I was fresh out of architecture school and began work on a project in 2013 with the Opa Locka Community Development Corporation (CDC), a Black-led community organization run by a visionary mayor, Willie Logan. He received a grant to redevelop a small area, less than two miles in diameter, called the Triangle—at one time, the Triangle had the highest murder rate in the country. So it was a real opportunity to figure out how art, architecture, infrastructure, and urban planning can help redevelop a community without displacing individuals. That was how I met [landscape architect] Walter Hood—and also [designer/artist] Olalekan Jeyifous, who were two other participants in the MoMA Reconstructions show.
Olalekan did the mural for the arts-and-recreation center, and I did the preliminary design. And then Walter Hood did the street. It was an amazingly large, urban-scale project: we built a park, an arts-and-recreation center, a gallery, and rental space. They have an arts charter school and an urban farm. And they’re currently renovating some shipping containers to do a small marketplace.
You’ve taught architecture studios in Opa Locka as well.

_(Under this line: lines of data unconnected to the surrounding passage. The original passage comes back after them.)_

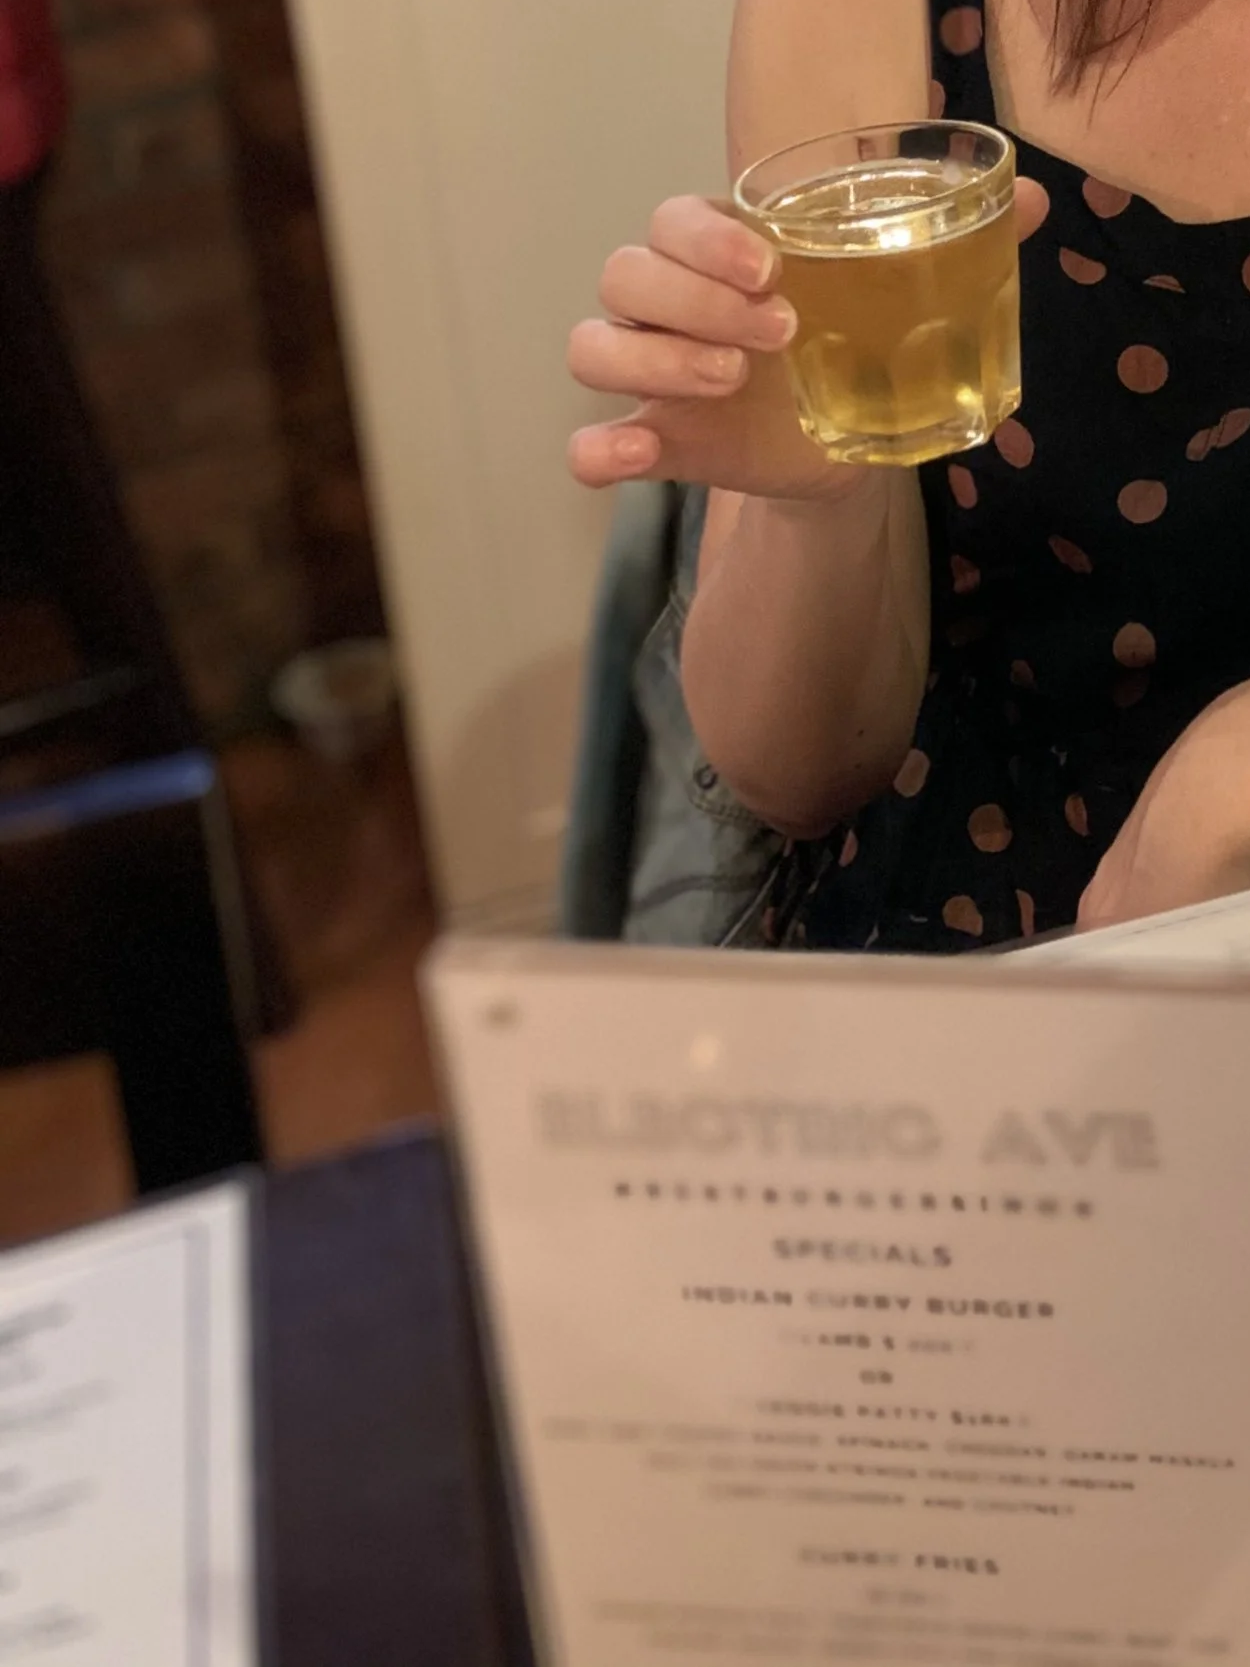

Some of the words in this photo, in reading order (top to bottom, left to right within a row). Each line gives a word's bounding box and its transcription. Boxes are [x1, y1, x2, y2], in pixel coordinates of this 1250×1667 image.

[981, 1111, 1161, 1172] AVE
[773, 1238, 953, 1268] SPECIALS
[682, 1286, 792, 1307] INDIAN
[806, 1290, 910, 1311] CURRY
[926, 1296, 1055, 1319] BURGER
[914, 1552, 1001, 1576] FRIES
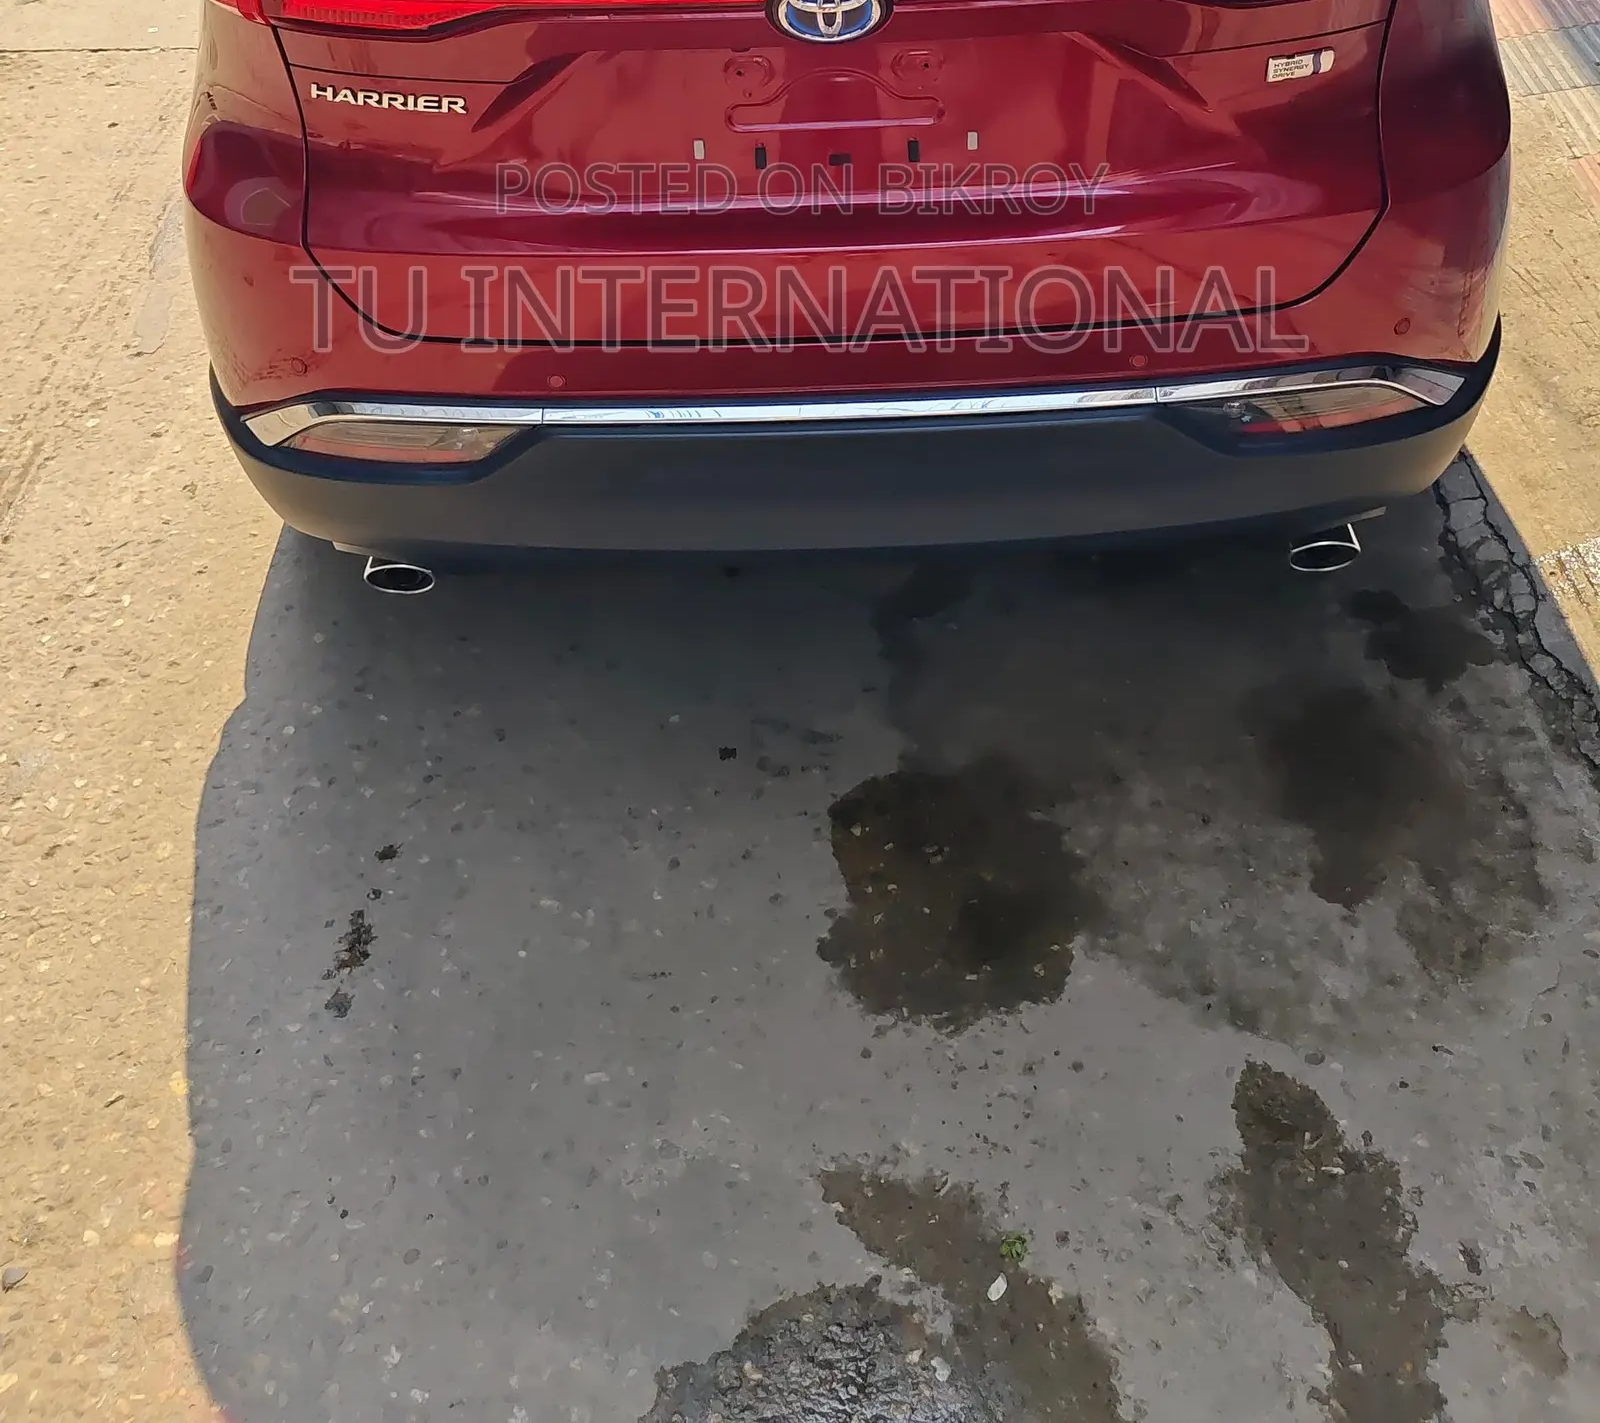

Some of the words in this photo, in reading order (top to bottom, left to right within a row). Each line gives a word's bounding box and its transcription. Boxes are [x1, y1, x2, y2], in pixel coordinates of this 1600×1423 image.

I do studio projects in vulnerable communities, where the students have never visited, to remind them that these places exist and are as important as a Coral Gables or a Miami Beach—just so the students can get exposure and notice very small things. In Coral Gables, for example, there are tons of trees and shade—you don’t mind walking down the street there—but go to Opa Locka, and you won’t see a tree for a mile and a half. You will absolutely hate waiting in the sun at that bus stop.
I always tell people it’s not my job to fix white supremacy. It’s my job to educate about what has happened and is happening.
There are things that many people just don’t understand. But, when we talk about resilience, it’s more than just how far will the water rise? It’s also about who are we taking advantage of, and who are we protecting within the built environment.